U-Pb isotopic studies were conducted on the detrital zircons from all the stratigraphic units of the Dzhagdy Terrane: metasandstones and metasiltstones (Samples V-11 and V-32) of the Dzheskogon Formation, metasandstones and metasiltstones (Samples V-9 and C-1288) of the Nekter Formation, and the sandstone (Sample V-10) of the Bochagor Formation. In addition, we have taken into account the current views on the structure of Dzhagdy Terrane, and samples of the Dzheskogon and Nekter formations were collected from the northern and southern flanks of the fold structure (Fig. 2).
Geochronological studies of the rocks from different formations revealed no differences in their petrographic characteristics. By the size of the fragments, they are represented by layered, rarely massive, metasandstones and metasiltstones. The subangular to subrounded clastic material is represented by quartz and feldspar. A combination of regenerative and blastopsammitic textures is characteristic of clasts.
DETRITAL ZIRCON U-PB GEOCHRONOLOGY
Out of 122 studied detrital zircon grains from the metasandstone of the northern part of the Dzheskogon Formation (Sample V-32) concordant ages were obtained for 91 grains. They are mainly in the interval 218 to 501 Ma. The relative age probability diagram shows peaks in age at 239, 261, 473 , and 494 Ma. In addition, there are single zircon grains with concordant ages of ca. 578, 878, 893, 1112, and 1194 Ma.

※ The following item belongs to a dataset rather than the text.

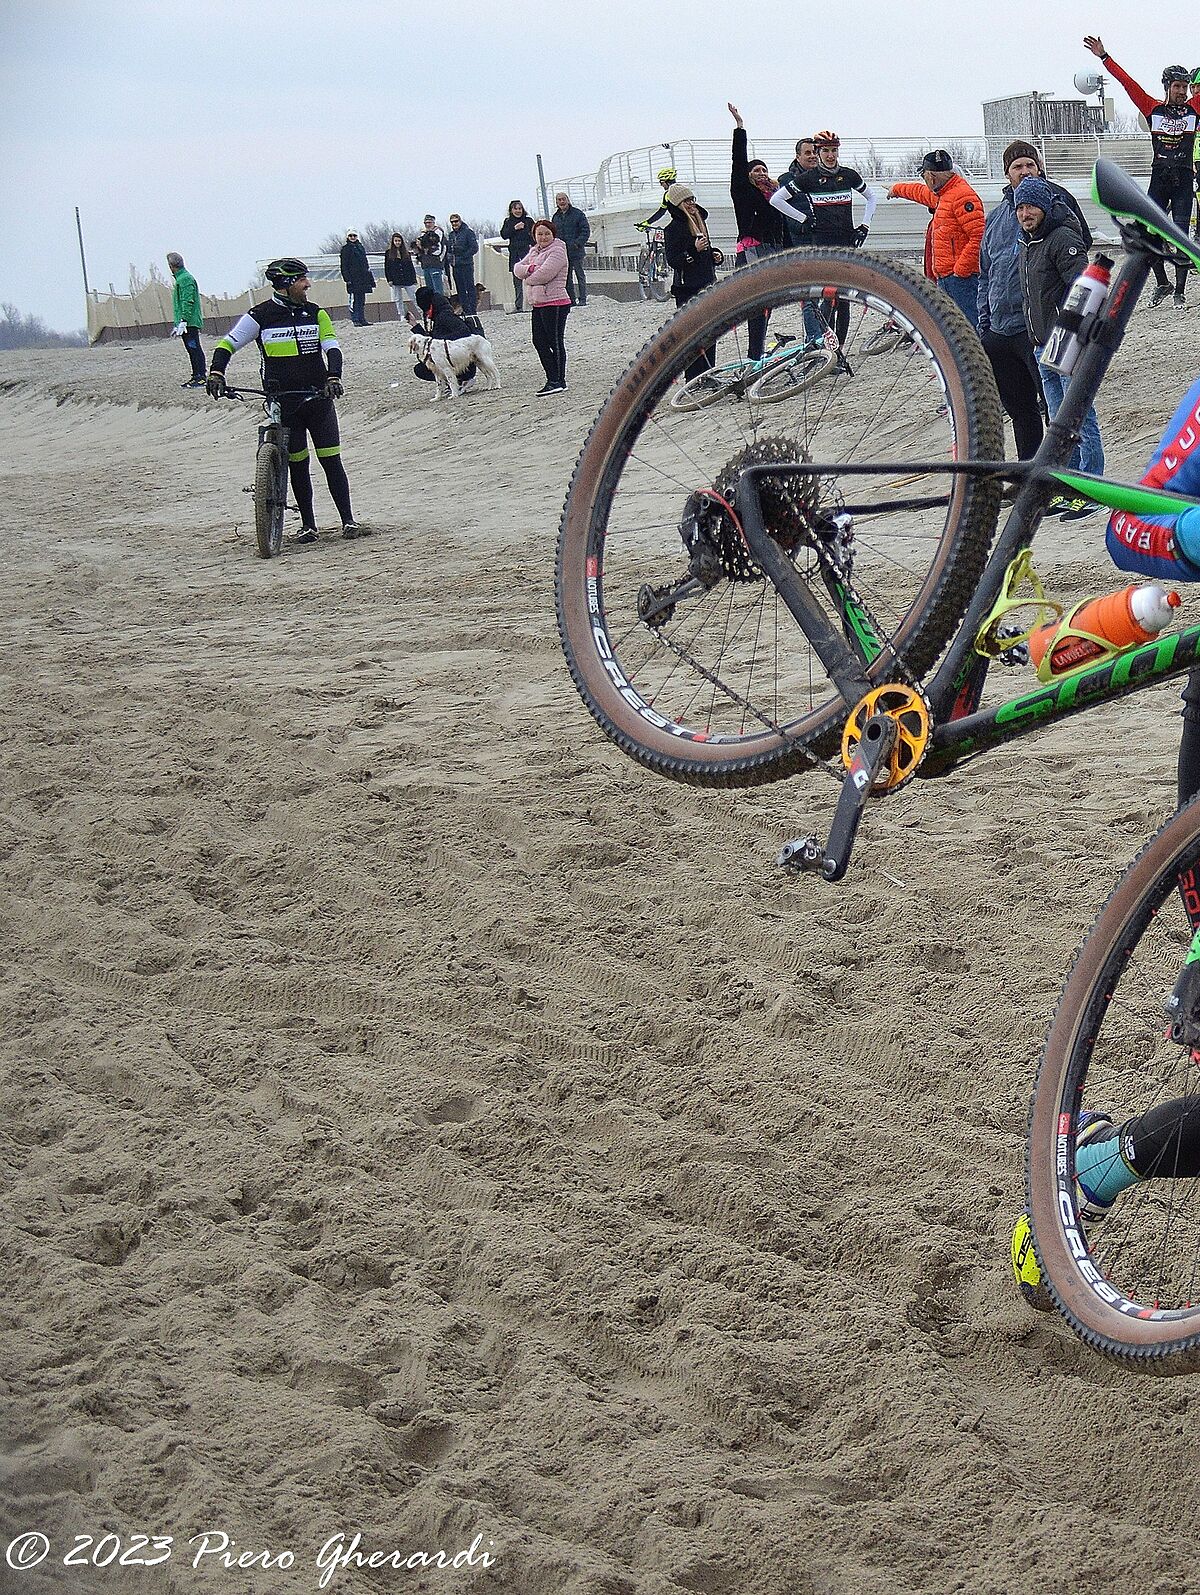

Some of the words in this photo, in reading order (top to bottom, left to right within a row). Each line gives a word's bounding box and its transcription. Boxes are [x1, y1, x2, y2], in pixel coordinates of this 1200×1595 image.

[593, 627, 693, 738] CREST
[1057, 1134, 1067, 1176] NOTUBES
[1058, 1190, 1144, 1313] CREST

Concordant ages in the interval 193 to 500 Ma were obtained for 101 grains out of 117 studied detrital zircons from the metasiltstone in the southern part of the Dzheskogon Formation (Sample V-11). The relative age probability diagram shows major age peaks at 196, 256, 449, and 480 Ma (Fig. 3b). There also occur discrete zircon grains with concordant ages ca. 551, 878, 959, and 1431 Ma.
U-Pb geochronological studies on 118 detrital zircon grains from the northern part of the Nekter Formation (Sample C-1288) yielded concordant ages for 96 grains in the interval from 197 to 547 Ma. The relative age probability diagram shows major age peaks at 202, 213, 262, 353, 418, 448, 483, 509, and 543 Ma (Fig. 3c). In addition, there are single zircon grains with concordant ages of ca. 622, 843, and 1806 Ma.

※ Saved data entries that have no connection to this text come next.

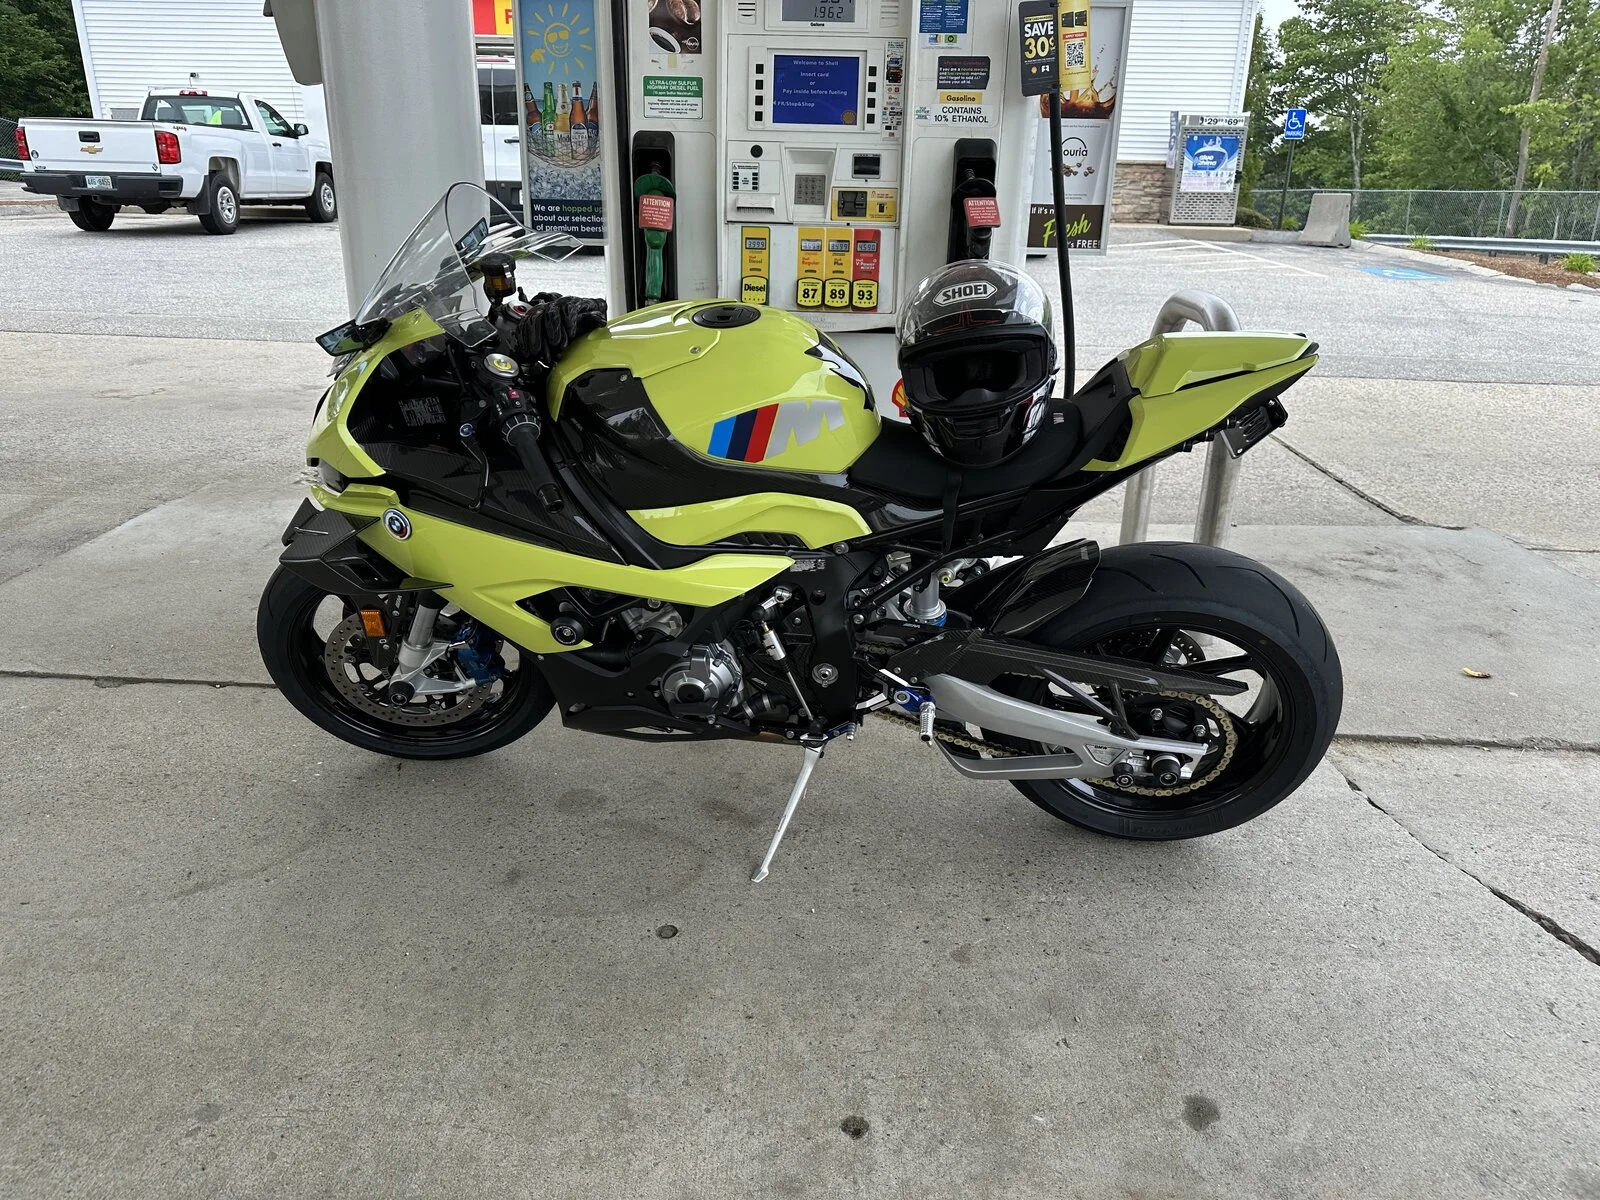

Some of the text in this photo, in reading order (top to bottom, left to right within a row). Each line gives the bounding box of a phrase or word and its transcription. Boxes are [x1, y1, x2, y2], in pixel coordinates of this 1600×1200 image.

[814, 6, 844, 19] 1.962
[1024, 22, 1054, 37] SAVE
[946, 94, 976, 102] Gasoline
[941, 106, 982, 115] CONTAINS
[934, 114, 989, 123] 10% ETHANOL
[1062, 147, 1088, 157] ouria
[643, 198, 671, 207] ATTENTION
[562, 205, 592, 213] hopped
[1037, 206, 1048, 215] it's
[545, 224, 579, 232] premium
[1043, 213, 1092, 247] Fesh
[744, 283, 766, 292] Diesel
[802, 288, 818, 299] 87
[829, 288, 846, 300] 89
[857, 289, 873, 301] 93
[942, 284, 987, 302] SHOEI

A total of 128 detrital zircon grains were obtained from the southern part of the Nekter Formation (Sample V-9), which yielded concordant ages for 117 grains predominantly in the intervals from 211 to 285 Ma, 456 to 518 Ma, and 739 to 1126 Ma. The relative age probability diagram shows major age peaks at 220, 262, 485, 759, 957, and 1104 Ma. There are also single zircon grains with concordant ages of ca. 559 Ma, 1.4, 1.6, and 1.8 Ga (Fig. 3d).
Geochronological studies on 125 zircon grains from the metasandstone of the Bochagor Formation (Sample V-10) taken from the axial part of Dzhagdy Terrane yielded concordant ages for 116 grains in the interval from 245 Ma to 1.2 Ga. The relative age probability diagram shows major age peaks at 255, 486, 761, 955, and 1122 Ma (Fig. 3e). In addition, there are single zircon grains with concordant ages ca. 1.2, 1.4, and 1.8 Ga.
LU-HF ISOTOPIC RESULTS
Lu-Hf analysis locations were in the same spot as concordant U-Pb spots. In total, 18 to 20 grains from each sample were analyzed. The research results are in Figure 4 and in the table.
From the data it follows that Mesozoic zircons from metaterrigenous rocks of the Dzheskogon, Nekter, and Bochagor formations show generally positive εHf(t) values (up to +11), near zero εHf(t) values, and rarely low negative εHf(t) values (–3) (Fig. 4 ) These zircons have model ages tHf(C) of 0.5 to 1.2 Ga.
Paleozoic and Neoproterozoic zircons yield tHf(C) values as high as 1.6 Ga with εHf(t) values close to those in Mesozoic zircons (Fig. 4).
DISCUSSION
The geochronological data on detrital zircons from metaterrigenous rocks of the Dzhagdy Terrane were quite surprising.
First, the youngest zircon populations in metasedimentary rocks of the Dzheskogon (samples V-11 and V-32) and Nekter (samples V-9 and C-1288) formations are of Early Mesozoic age (Figs. 3a–3d), which conflicts with the opinion in [27] on their Early and Late Carboniferous ages.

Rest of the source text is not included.